--- START ---

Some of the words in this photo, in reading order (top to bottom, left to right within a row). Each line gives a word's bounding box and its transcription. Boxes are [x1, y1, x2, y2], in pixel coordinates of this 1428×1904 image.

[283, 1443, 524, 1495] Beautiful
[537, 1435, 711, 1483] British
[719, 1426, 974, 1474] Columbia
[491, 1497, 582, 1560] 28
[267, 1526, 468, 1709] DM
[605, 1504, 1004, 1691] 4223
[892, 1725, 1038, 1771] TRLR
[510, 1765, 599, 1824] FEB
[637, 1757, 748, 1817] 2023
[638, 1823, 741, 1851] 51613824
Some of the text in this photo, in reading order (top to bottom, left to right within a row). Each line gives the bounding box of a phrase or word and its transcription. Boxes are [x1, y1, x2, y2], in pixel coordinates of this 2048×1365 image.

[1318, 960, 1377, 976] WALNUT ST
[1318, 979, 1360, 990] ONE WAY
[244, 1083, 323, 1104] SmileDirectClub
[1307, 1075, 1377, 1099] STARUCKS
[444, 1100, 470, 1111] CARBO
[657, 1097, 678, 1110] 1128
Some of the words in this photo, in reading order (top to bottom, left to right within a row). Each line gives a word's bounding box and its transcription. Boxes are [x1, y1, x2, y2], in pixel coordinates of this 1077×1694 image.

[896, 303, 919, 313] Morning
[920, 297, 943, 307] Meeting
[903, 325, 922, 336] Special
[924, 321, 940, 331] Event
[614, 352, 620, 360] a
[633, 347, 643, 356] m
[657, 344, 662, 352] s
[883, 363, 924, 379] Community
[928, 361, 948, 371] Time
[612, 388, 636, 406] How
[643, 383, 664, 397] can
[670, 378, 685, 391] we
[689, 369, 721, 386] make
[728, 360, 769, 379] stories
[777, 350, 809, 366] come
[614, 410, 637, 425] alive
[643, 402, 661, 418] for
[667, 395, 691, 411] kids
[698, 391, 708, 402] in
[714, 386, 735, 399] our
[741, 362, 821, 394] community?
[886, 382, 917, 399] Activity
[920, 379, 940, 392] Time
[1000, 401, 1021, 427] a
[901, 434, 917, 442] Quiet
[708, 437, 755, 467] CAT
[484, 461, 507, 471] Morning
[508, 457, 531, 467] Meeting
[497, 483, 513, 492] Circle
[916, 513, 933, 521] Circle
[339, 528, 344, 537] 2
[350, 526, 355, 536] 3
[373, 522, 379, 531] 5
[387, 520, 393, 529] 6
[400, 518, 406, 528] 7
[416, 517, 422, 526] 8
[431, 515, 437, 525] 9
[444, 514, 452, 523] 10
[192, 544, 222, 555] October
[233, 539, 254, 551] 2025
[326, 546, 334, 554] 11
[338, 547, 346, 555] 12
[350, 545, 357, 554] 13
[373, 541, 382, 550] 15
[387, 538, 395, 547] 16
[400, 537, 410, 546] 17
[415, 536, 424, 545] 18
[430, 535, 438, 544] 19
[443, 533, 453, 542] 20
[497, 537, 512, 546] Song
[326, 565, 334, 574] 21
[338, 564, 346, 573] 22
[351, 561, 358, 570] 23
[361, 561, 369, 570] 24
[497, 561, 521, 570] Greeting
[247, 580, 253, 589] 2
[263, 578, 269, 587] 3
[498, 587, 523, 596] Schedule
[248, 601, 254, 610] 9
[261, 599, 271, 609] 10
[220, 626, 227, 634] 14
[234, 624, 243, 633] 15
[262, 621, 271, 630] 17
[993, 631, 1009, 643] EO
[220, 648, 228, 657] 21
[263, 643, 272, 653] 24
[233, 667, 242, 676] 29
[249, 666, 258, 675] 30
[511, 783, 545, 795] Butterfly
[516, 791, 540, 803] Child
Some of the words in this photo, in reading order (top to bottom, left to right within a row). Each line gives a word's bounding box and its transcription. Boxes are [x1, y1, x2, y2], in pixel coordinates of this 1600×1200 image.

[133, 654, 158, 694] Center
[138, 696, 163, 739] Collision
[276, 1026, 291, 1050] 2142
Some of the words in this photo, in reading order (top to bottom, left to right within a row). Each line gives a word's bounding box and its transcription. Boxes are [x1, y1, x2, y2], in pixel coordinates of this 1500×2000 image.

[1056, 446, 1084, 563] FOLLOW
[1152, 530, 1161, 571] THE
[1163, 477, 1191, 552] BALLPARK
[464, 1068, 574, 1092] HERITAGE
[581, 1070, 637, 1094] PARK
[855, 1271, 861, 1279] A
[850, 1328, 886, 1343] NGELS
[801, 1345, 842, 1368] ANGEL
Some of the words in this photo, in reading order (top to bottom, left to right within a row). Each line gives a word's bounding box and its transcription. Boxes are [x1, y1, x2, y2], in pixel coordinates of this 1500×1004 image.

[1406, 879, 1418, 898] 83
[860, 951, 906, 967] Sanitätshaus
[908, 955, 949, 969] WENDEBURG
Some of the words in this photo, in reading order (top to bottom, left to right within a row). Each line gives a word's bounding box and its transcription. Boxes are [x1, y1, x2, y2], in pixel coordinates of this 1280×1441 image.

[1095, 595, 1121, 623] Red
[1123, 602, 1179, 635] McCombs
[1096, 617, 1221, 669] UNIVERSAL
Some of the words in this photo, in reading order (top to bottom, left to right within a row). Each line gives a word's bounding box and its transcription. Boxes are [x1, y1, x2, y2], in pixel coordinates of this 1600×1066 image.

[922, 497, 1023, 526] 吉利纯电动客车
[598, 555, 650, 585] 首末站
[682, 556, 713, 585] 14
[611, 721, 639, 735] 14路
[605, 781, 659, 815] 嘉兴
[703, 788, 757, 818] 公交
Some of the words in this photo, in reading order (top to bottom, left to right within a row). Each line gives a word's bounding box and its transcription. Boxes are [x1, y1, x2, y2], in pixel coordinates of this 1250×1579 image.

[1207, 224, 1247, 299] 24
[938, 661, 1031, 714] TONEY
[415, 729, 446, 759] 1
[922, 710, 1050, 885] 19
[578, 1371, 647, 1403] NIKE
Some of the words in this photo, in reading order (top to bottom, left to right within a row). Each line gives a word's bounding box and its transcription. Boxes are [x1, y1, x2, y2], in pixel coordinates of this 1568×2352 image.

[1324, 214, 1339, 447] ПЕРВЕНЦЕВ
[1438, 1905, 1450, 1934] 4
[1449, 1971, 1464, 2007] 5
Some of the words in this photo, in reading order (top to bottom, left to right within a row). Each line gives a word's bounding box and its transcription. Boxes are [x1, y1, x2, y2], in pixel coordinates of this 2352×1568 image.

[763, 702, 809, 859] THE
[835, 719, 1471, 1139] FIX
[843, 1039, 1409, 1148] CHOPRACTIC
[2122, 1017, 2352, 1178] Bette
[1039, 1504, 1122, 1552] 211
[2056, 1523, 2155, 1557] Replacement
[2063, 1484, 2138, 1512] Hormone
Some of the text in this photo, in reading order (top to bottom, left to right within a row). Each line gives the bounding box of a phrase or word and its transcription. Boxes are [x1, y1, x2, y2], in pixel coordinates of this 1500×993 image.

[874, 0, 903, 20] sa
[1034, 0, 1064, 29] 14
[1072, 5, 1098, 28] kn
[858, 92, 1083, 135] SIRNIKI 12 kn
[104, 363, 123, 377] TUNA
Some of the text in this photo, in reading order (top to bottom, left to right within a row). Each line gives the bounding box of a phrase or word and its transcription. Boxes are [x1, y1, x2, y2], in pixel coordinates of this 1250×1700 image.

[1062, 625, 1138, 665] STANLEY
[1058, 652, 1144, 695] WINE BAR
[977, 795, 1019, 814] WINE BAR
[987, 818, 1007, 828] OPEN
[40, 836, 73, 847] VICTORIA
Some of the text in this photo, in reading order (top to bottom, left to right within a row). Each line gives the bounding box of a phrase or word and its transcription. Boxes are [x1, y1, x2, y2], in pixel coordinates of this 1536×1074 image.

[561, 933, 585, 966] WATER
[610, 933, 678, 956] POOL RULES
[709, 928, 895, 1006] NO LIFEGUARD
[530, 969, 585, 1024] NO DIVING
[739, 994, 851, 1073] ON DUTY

--- END ---

• _Description of the task_:
Please restate word for word only the lines from the one with "this 1536×1074 image." through the final line of the listing above, both of them included.

• _Result for this task_:
Some of the text in this photo, in reading order (top to bottom, left to right within a row). Each line gives the bounding box of a phrase or word and its transcription. Boxes are [x1, y1, x2, y2], in pixel coordinates of this 1536×1074 image.

[561, 933, 585, 966] WATER
[610, 933, 678, 956] POOL RULES
[709, 928, 895, 1006] NO LIFEGUARD
[530, 969, 585, 1024] NO DIVING
[739, 994, 851, 1073] ON DUTY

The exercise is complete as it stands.